[EXERCISE BRIEF]
Every line of the listing below must be printed again exactly, apart from its pictures.

[DATA EXTRACT]
* * * * * * *
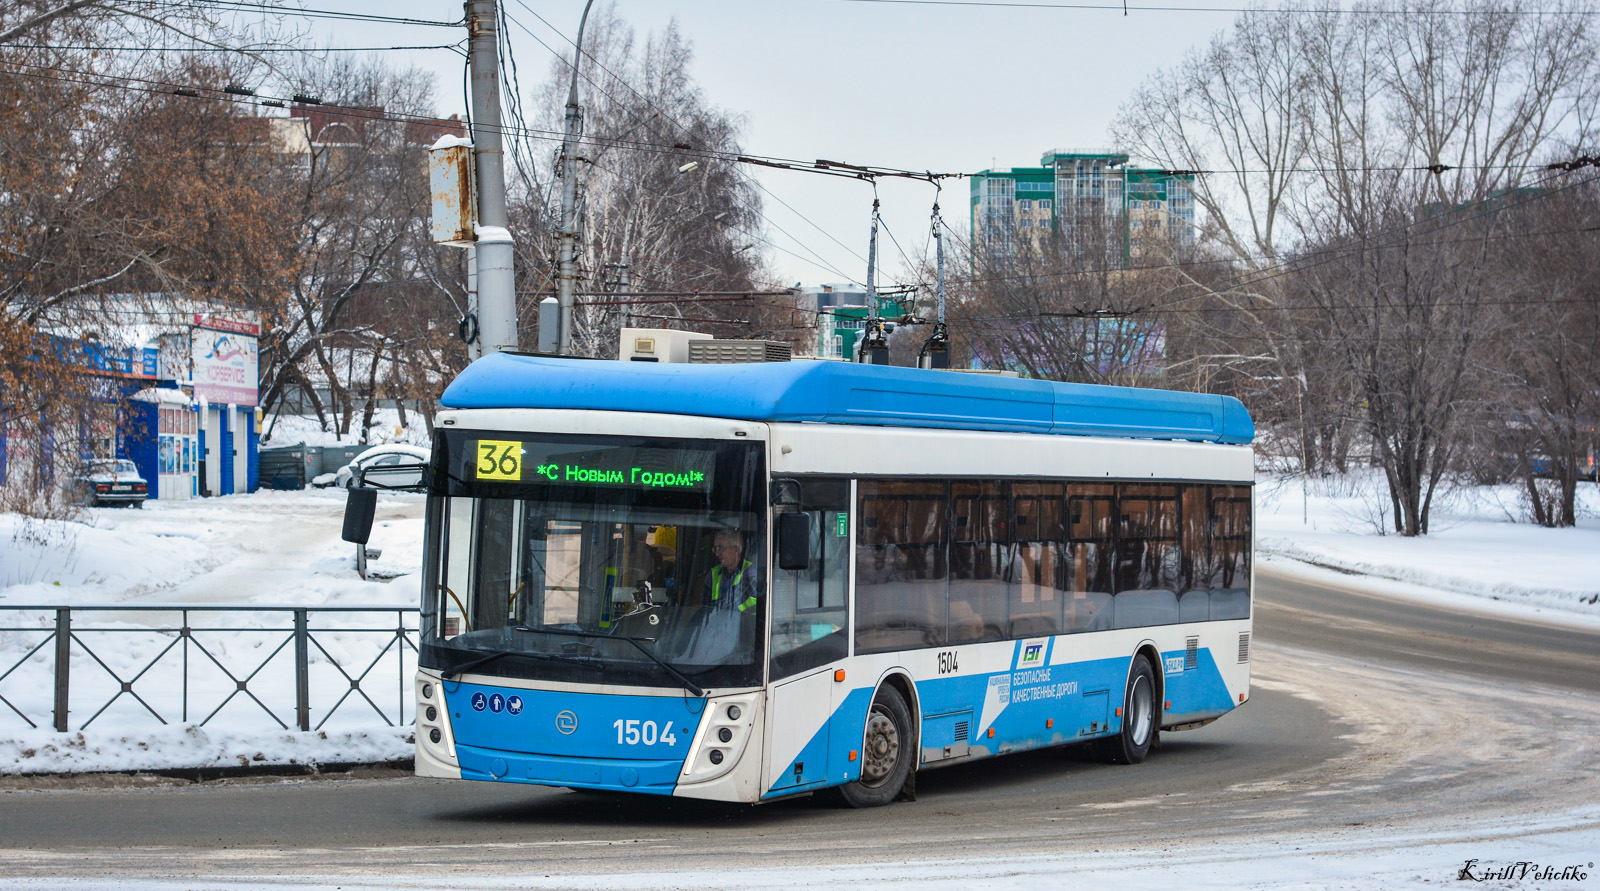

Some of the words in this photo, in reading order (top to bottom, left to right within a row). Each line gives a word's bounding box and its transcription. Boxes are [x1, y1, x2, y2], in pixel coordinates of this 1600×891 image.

[478, 444, 518, 476] 36
[565, 465, 624, 484] Новым
[937, 650, 959, 675] 1504
[1013, 668, 1052, 686] БЕЗОПАСНЫЕ
[1012, 684, 1056, 704] КАЧЕСТВЕННЫЕ
[1056, 681, 1078, 700] ДОРОГИ
[613, 719, 677, 747] 1504
* * * * * * *
[RESPONSE FOR THIS EXERCISE]
Some of the words in this photo, in reading order (top to bottom, left to right within a row). Each line gives a word's bounding box and its transcription. Boxes are [x1, y1, x2, y2], in pixel coordinates of this 1600×891 image.

[478, 444, 518, 476] 36
[565, 465, 624, 484] Новым
[937, 650, 959, 675] 1504
[1013, 668, 1052, 686] БЕЗОПАСНЫЕ
[1012, 684, 1056, 704] КАЧЕСТВЕННЫЕ
[1056, 681, 1078, 700] ДОРОГИ
[613, 719, 677, 747] 1504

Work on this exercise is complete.